Wafer rise, chip rise, seal rise, terminal products rise, raw materials rise, very similar to the mask in March and April this year: mask rise, mask machine rise, melt spray cloth rise... The final result: no matter which link price, in the crazy market change, the rest of the price will rise.

But there is a big difference between the two. Apart from the different consumer groups, it lies in the "rigid supply" of chip manufacturing: both fabs and test plants require huge capital and time costs to set up and operate. Related information: a 12-inch wafer production line investment of up to 10 billion yuan.

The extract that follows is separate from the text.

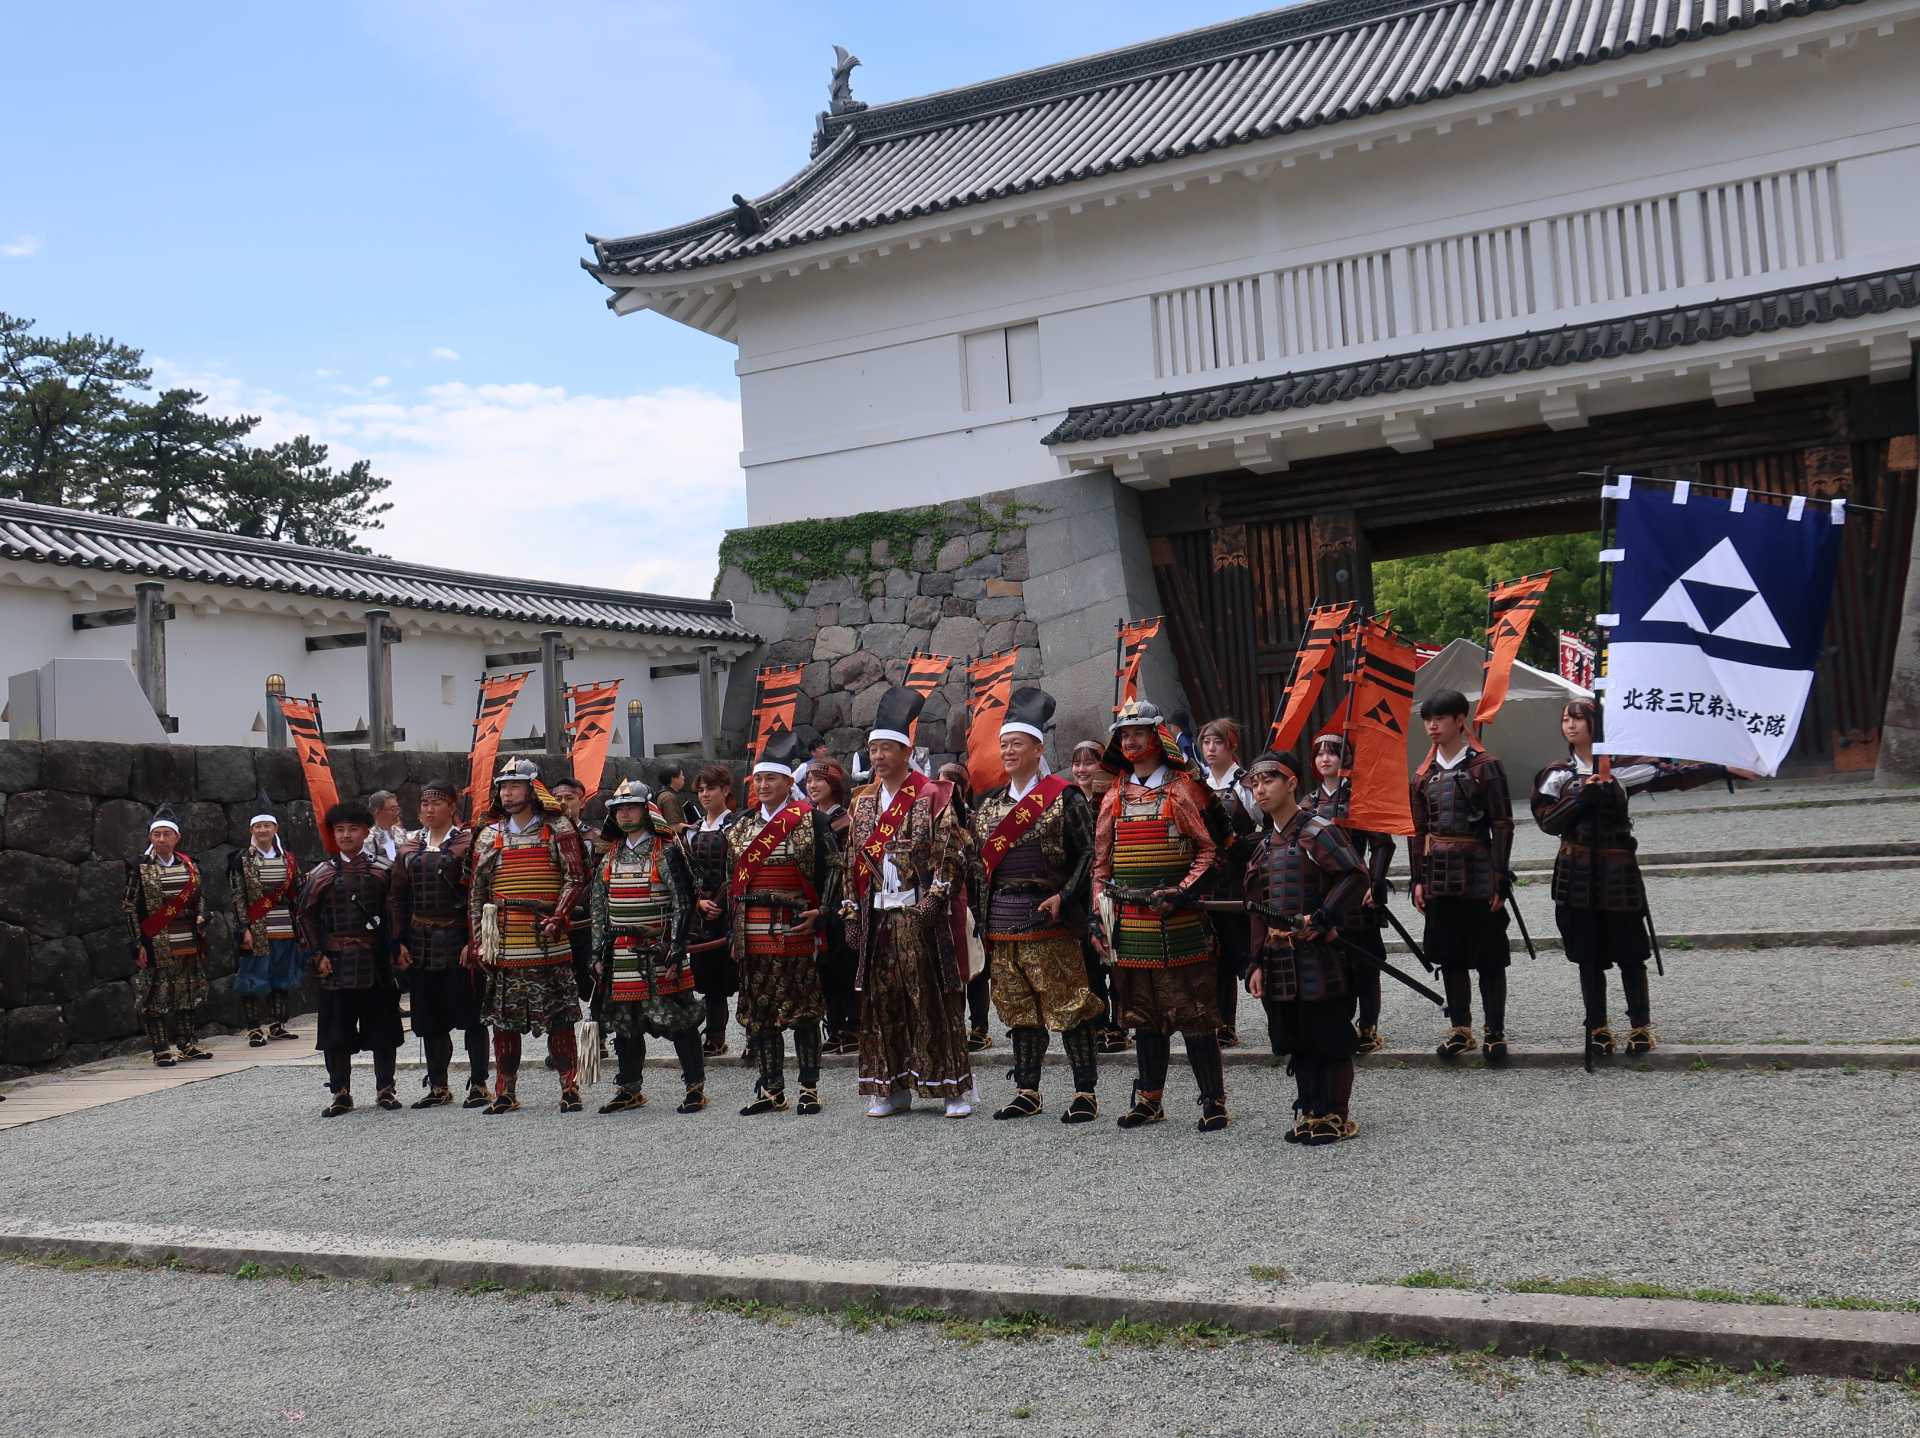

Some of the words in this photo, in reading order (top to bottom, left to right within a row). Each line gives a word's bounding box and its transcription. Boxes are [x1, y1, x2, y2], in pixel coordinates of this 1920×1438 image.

[738, 817, 787, 882] 八王子市
[983, 806, 1032, 875] 寄居

According to the current market information, the shortage and price increase of OEM capacity of 8-inch wafers are still the hardest hit among them, mainly because it is difficult to expand production and is not cost-effective. However, for power management IC, large-size panel drive IC and other products, it is most cost-effective to produce in 8-inch factories.

In general, this big shortage market is not only determined by the rigid supply of wafer production capacity itself, but also affected by objective factors such as production capacity allocation rules.

According to the development logic of the industry chain from the upstream wafer fab closure test to the spot market terminal market, there is a great probability that shortage of wafer production capacity will lead to a large stock shortage, in which it takes 3-6 months to map to the market.

At present, the wafer production capacity shortage since July and August has indeed been transmitted to several links of the semiconductor industry chain, but there are too many influencing factors among them, and the pain of shortage and rise will continue to occur before the completion of "pulling goods".